I went through a religious phase between Sophomore and Junior year of high school. I got really involved with a Pentecostal church a couple friends went to. I went every week to service and youth group. I was pulled in and felt like I had found something that would answer all my questions. I even took a week off work and went to church camp.
I struggled a lot that summer. I was confused about myself and my place in the world, as is every 16 year old. I thought that church would solve that problem. I also was jealous of a friend who had “found Jesus” and got a very enthusiastic response from my religious friends.
I felt like I needed that same feeling of love and acceptance from those friends. So I “found Jesus” and I started going to church. I bought a bible and just jumped right in. No lifeguard on duty for this pool though. I didn’t even know what denomination the church was and had a meeting with one of the youth pastors to figure it out. I was that focused on being part of the in crowd that I just went to whatever church my friends went to.
I used to adhere to a Jedi sort of idea of spirituality. Energy that binds the universe together, you know all that sort of stuff. I did actually think about god a lot that summer and I think it was my week at summer camp that really gave me the most insight.
You see I didn’t have any friends going to camp but I felt like it was important to go. I got out into a cabin with a cute boy (I told you I was struggling with my identity) and I did nothing for a whole week. I went to meals and the nightly services and I felt fulfilled. Yet I think it was the afternoon we went to the lake or river to go swimming that I really had my first moment of clarity.
You see I had not come to came prepared for camp. Because I had chosen to go of my own volition my parents didn’t help me pack or anything they just signed the permission slip. So I didn’t have a swimsuit and didn’t want to swim in the clothes I was wearing but also I didn’t come to camp to do activities I came to be closer to god.
So instead of joining everyone in the water, I laid on a picnis table and watched the sun and clouds through the leaves of a tree, for like 3 hours. This was before cell phones with internet and I had only brought one book with me, my bible, so I just relaxed on this picnic table and cleared my head.
I look back on it now and realize that I may have actually been meditating or something. I didn’t achieve Nirvana or anything but I felt calm.
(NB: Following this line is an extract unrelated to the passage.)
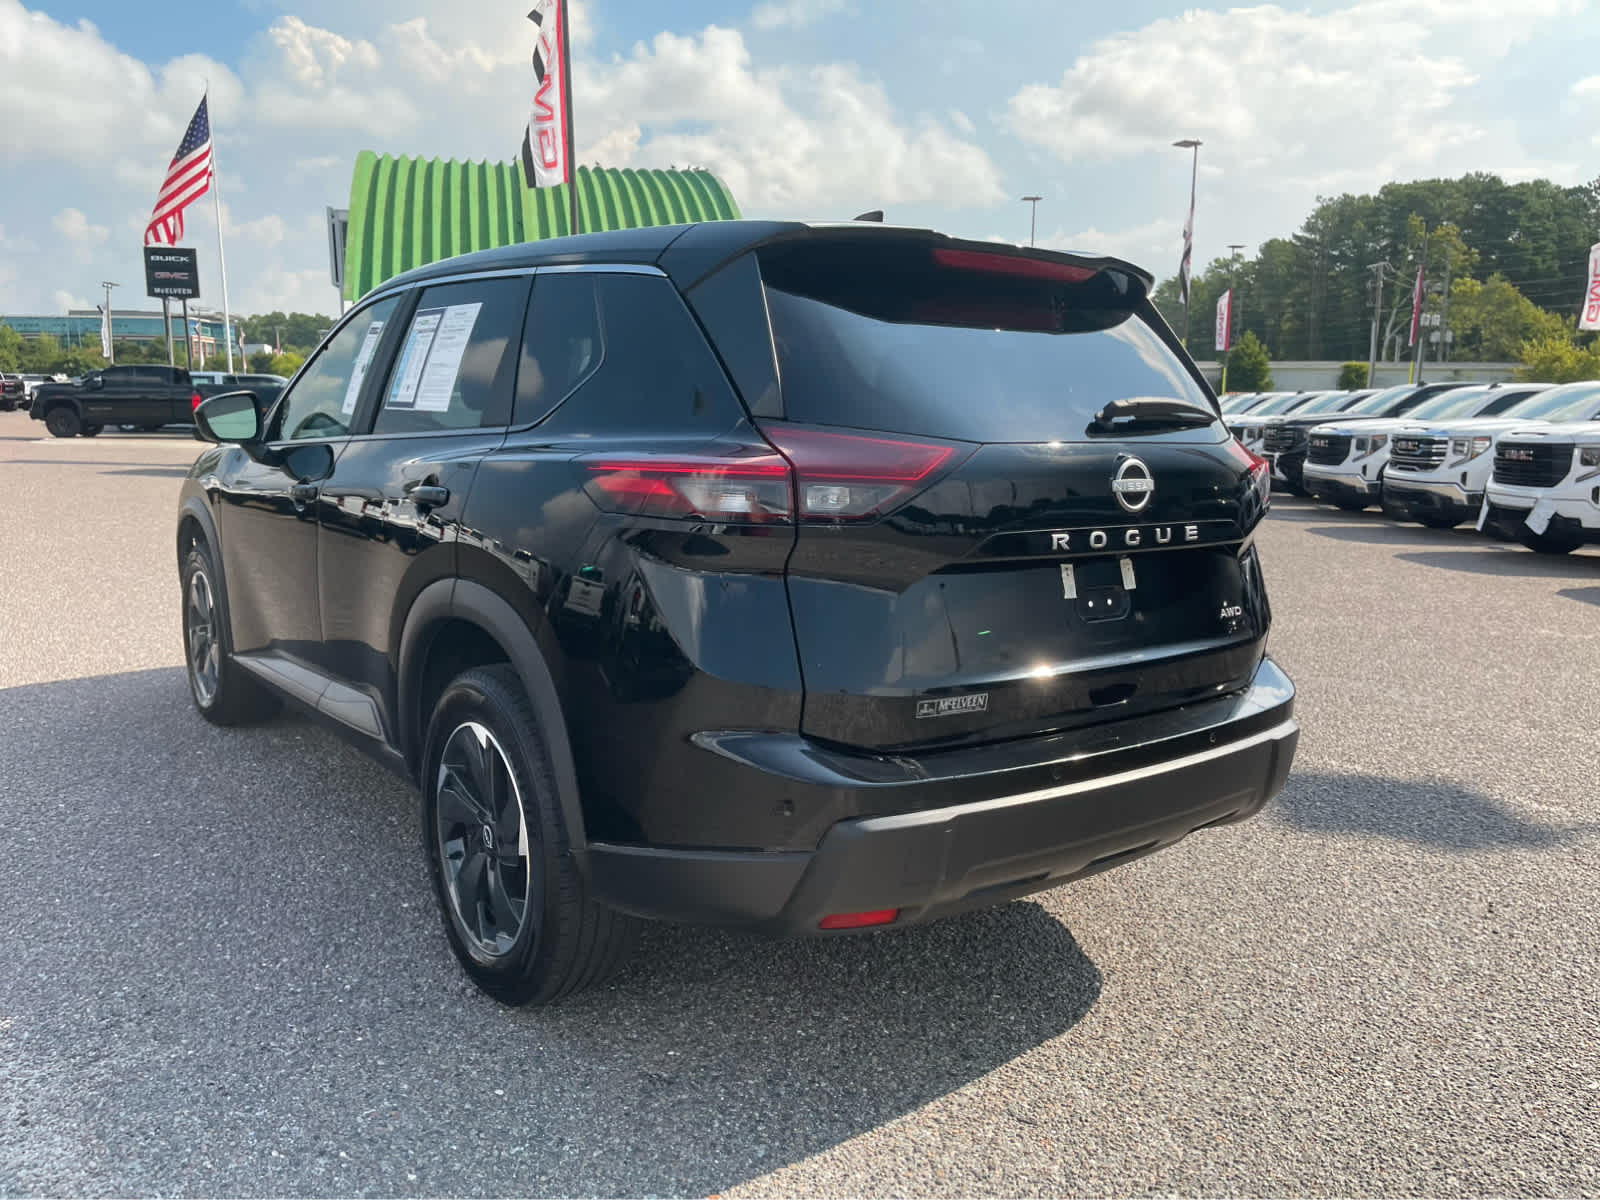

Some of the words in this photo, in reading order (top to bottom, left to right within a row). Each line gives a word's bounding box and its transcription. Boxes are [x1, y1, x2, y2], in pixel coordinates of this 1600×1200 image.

I had gone into that summer with a lot of confusion and odd feelings so it felt like inner peace to be sitting on the table and not having to worry about anything. I also fancied myself an introspective child. One who stared into the abyss and doesn’t flinch. I wanted to be the cool kid that didn’t have such messed up emotions or feelings. I wanted to be seen as cool, calm, and collected.
I am an adult now and have had many years to reflect on that summer. I was an idiot that summer and yet I never for once think that laying on that picnic table was a bad choice.
I don’t have any answers about what happens after death. I think Keanu Reeves said it best, “I don’t know what happens when we die but I know the people we love will miss us.” I don’t need God, or some other spiritual entity (unless Keanu is a spiritual entity than for sure him), telling me what to do to make it into their club after I die. Whatever happens will happen to me just like in life and as long as my family and friends miss me. Miss me because I loved them and cared for them and showed them they were important to me. I made sure that they were the reason I went to work every day, not some higher being. That they will look back at memories of me and remember me just being me, not me spouting words some other guy said 2000 years ago.
Life is hard enough without feeling like I am being judged for the decisions I am making. So spiritually does not play a role in my life at all. I want to be here for my loved ones and enjoy the little bit of time I have with them on this little spinning ball of rock.
I leave you with a thought. I can’t remember the exact quote/joke but it is about the difference between a religious man doing good and an atheist. The religious man does good because he has been incentivized to do that good so he can get the ultimate reward. Yet an atheist who does good does not do good for a reward but because it is the right thing to do. So who is truly the better person? Thai is not to make it a debate about god just to say that I do good without the reward at the end because I want to have a good place for my family to be when I am gone.
Maybe heaven isn’t the destination but the friends and family we leave behind along the way?